== Segment start ==
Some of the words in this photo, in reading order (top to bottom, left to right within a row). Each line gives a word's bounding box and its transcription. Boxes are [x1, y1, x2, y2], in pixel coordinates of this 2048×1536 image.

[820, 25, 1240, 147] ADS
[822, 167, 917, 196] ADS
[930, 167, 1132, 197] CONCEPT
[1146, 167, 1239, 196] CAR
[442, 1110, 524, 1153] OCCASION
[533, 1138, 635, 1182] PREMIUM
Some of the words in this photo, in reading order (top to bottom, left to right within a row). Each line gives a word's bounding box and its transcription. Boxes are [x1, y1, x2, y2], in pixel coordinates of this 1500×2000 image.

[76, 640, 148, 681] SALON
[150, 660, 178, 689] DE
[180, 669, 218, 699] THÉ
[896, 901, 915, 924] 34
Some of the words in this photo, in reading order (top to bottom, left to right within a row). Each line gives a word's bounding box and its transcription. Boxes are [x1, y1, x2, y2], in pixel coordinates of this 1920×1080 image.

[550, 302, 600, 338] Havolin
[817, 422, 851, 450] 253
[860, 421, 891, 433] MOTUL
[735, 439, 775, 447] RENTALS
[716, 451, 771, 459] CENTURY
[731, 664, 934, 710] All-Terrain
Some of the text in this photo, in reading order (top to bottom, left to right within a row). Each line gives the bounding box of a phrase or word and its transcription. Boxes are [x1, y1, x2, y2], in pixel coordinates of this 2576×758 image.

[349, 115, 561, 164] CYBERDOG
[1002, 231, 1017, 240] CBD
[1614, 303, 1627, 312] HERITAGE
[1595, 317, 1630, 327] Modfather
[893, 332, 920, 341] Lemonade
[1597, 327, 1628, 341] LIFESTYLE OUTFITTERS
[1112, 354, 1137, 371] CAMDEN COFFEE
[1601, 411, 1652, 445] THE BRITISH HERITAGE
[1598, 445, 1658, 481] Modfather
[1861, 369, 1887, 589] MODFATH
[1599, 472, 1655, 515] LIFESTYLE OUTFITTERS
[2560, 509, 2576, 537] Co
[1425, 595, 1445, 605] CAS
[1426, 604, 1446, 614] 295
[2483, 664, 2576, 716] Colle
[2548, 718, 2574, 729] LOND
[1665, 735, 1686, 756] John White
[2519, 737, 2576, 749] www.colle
== Segment end ==
▶ [What is expected] Your reply should contain each entry, copied without alteration.

▶ [Exercise answer]
Some of the words in this photo, in reading order (top to bottom, left to right within a row). Each line gives a word's bounding box and its transcription. Boxes are [x1, y1, x2, y2], in pixel coordinates of this 2048×1536 image.

[820, 25, 1240, 147] ADS
[822, 167, 917, 196] ADS
[930, 167, 1132, 197] CONCEPT
[1146, 167, 1239, 196] CAR
[442, 1110, 524, 1153] OCCASION
[533, 1138, 635, 1182] PREMIUM
Some of the words in this photo, in reading order (top to bottom, left to right within a row). Each line gives a word's bounding box and its transcription. Boxes are [x1, y1, x2, y2], in pixel coordinates of this 1500×2000 image.

[76, 640, 148, 681] SALON
[150, 660, 178, 689] DE
[180, 669, 218, 699] THÉ
[896, 901, 915, 924] 34
Some of the words in this photo, in reading order (top to bottom, left to right within a row). Each line gives a word's bounding box and its transcription. Boxes are [x1, y1, x2, y2], in pixel coordinates of this 1920×1080 image.

[550, 302, 600, 338] Havolin
[817, 422, 851, 450] 253
[860, 421, 891, 433] MOTUL
[735, 439, 775, 447] RENTALS
[716, 451, 771, 459] CENTURY
[731, 664, 934, 710] All-Terrain
Some of the text in this photo, in reading order (top to bottom, left to right within a row). Each line gives the bounding box of a phrase or word and its transcription. Boxes are [x1, y1, x2, y2], in pixel coordinates of this 2576×758 image.

[349, 115, 561, 164] CYBERDOG
[1002, 231, 1017, 240] CBD
[1614, 303, 1627, 312] HERITAGE
[1595, 317, 1630, 327] Modfather
[893, 332, 920, 341] Lemonade
[1597, 327, 1628, 341] LIFESTYLE OUTFITTERS
[1112, 354, 1137, 371] CAMDEN COFFEE
[1601, 411, 1652, 445] THE BRITISH HERITAGE
[1598, 445, 1658, 481] Modfather
[1861, 369, 1887, 589] MODFATH
[1599, 472, 1655, 515] LIFESTYLE OUTFITTERS
[2560, 509, 2576, 537] Co
[1425, 595, 1445, 605] CAS
[1426, 604, 1446, 614] 295
[2483, 664, 2576, 716] Colle
[2548, 718, 2574, 729] LOND
[1665, 735, 1686, 756] John White
[2519, 737, 2576, 749] www.colle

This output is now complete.